Network Access Control

 View Only

  • 1.  on demand on gateway enforcer

    Posted Oct 17, 2011 06:29 AM

    i have setup a gateway enforcer on our lan network. i need to let the enforcer redirect a user when his\her computer is not compliant or does not have symantec installed. please assist. i have set the redirect as the ip address of the internal interface of the gateway enforcer. if i visit the redirect address on my browser it installs the on demand client but it does not redirect automatically. also we use a proxy if it helps. thanks in advance guys



  • 2.  RE: on demand on gateway enforcer

    Posted Oct 19, 2011 03:49 PM

    "if i visit the redirect address on my browser it installs the on demand client but it does not redirect automatically"

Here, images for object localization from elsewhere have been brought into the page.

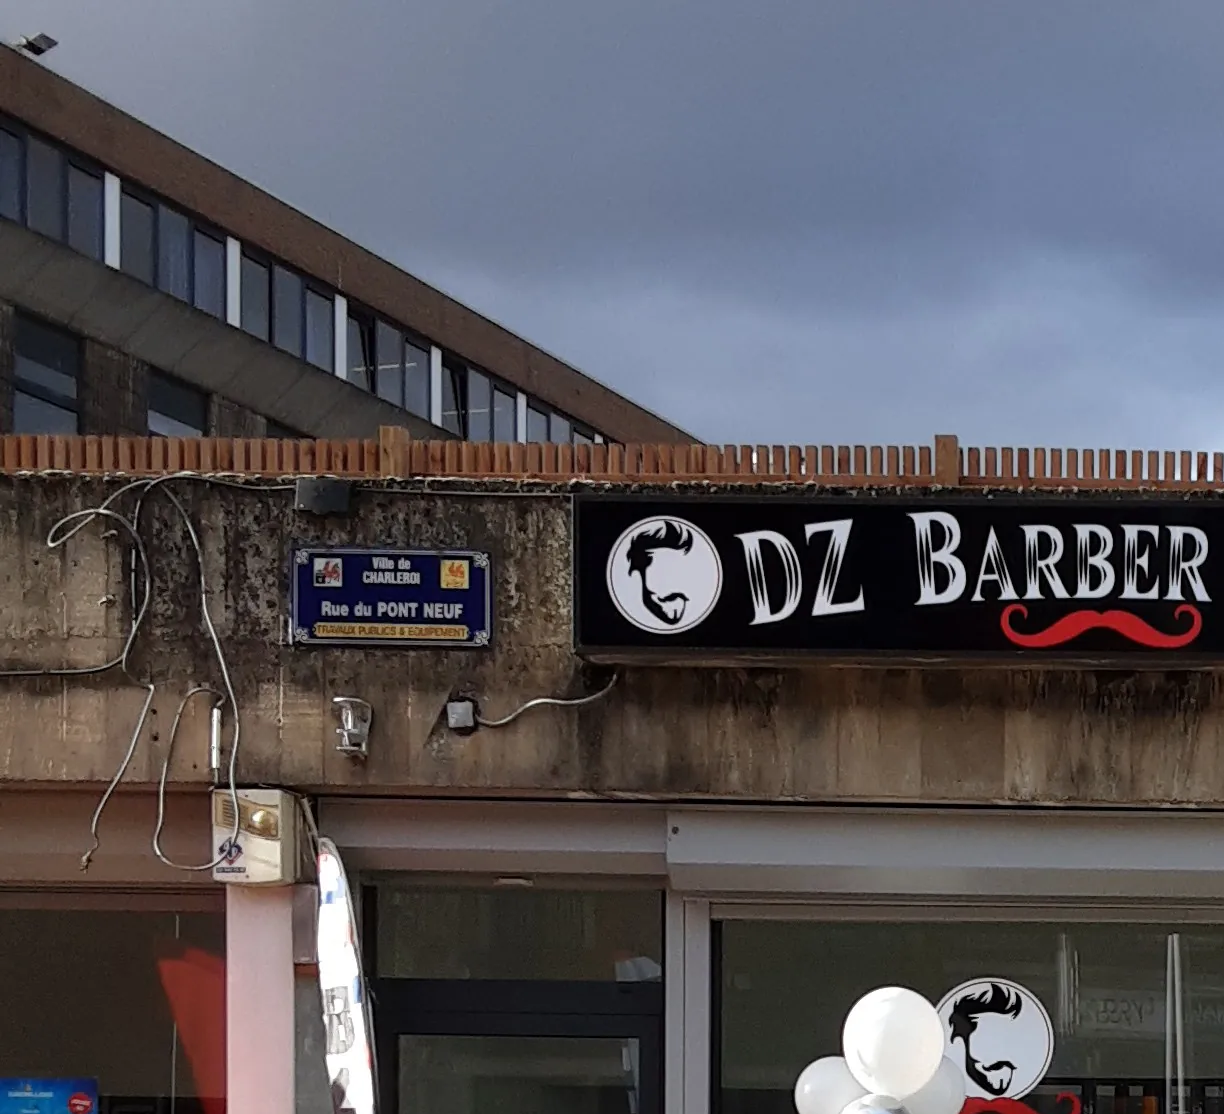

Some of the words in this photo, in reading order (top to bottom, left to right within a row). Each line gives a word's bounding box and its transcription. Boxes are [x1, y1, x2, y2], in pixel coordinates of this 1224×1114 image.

[372, 557, 394, 569] Ville
[398, 558, 411, 569] de
[733, 518, 865, 626] DZ
[906, 511, 1212, 605] BARBER
[363, 571, 421, 585] CHARLEROI
[321, 601, 349, 616] Rue
[354, 602, 372, 617] du
[377, 602, 418, 617] PONT
[424, 603, 464, 619] NEUF
[359, 626, 396, 636] PUBLICS

    If I am understanding this correctly, you are able to get the on-demand client to install if you type in the IP address of the internal interface into the browser's address bar, but you are not automatically taken there if you, say, enter in "google.com" in the browser's address bar.

    Try entering in "http://localhost" into the redirect field in the SEPM under Admin > Servers > Enforcer group properties > Authentication

    If that does not work, then it could be that your proxy is getting in the way.  Try bypassing your proxy as a test.

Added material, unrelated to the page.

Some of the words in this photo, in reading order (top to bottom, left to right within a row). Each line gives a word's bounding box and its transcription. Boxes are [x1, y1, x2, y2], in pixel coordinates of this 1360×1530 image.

  • 3.  RE: on demand on gateway enforcer

    Posted Oct 24, 2011 04:43 AM

    i romoved the proxy setting on my browser and entered an address of the server beyond the nac appliance and i was redirected to the on demand page.

    How can resolve this so that redirect work while we use a proxy which uses port 8080???

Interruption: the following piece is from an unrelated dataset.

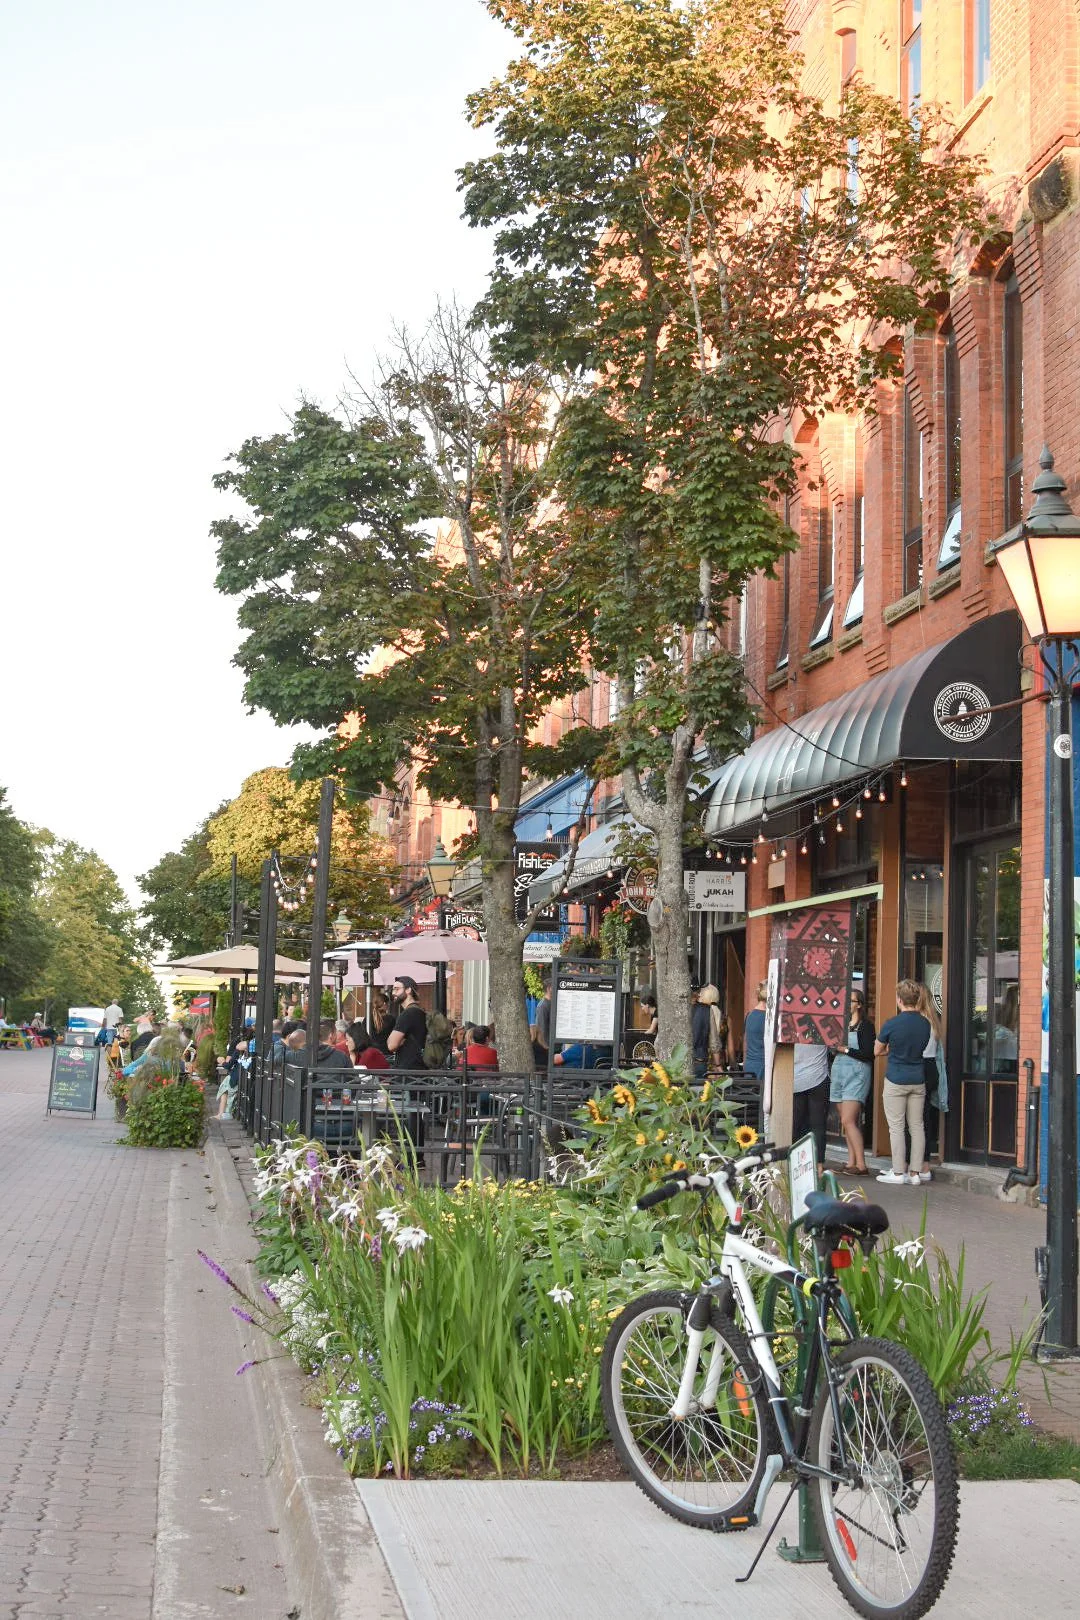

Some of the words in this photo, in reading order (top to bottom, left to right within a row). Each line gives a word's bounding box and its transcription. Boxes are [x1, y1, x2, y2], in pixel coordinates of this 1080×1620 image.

  • 4.  RE: on demand on gateway enforcer

    Posted Nov 22, 2011 07:07 AM

    please help guys, i really need a solution on that



  • 5.  RE: on demand on gateway enforcer

    Posted Nov 23, 2011 05:02 PM

    The issue with a On-Demand via proxy is that the client will respond to the UDP 39999 "challenge packet" sent from the Enforcer by sending the response to the proxy instead of the Enforcer.  This is because the IP address that the packet appears to be coming from will be the proxy.

    The only way to get this to work is to have the proxy forward all UDP 39999 packets from the client machines to the SEPM.  I dont know of many proxies that have the capability to do this, though, so you may be out of luck.  

    Can you place the proxy or the Enforcer somewhere else, so that the clients do not have to go throught the Proxy when connecting to the Enforcer?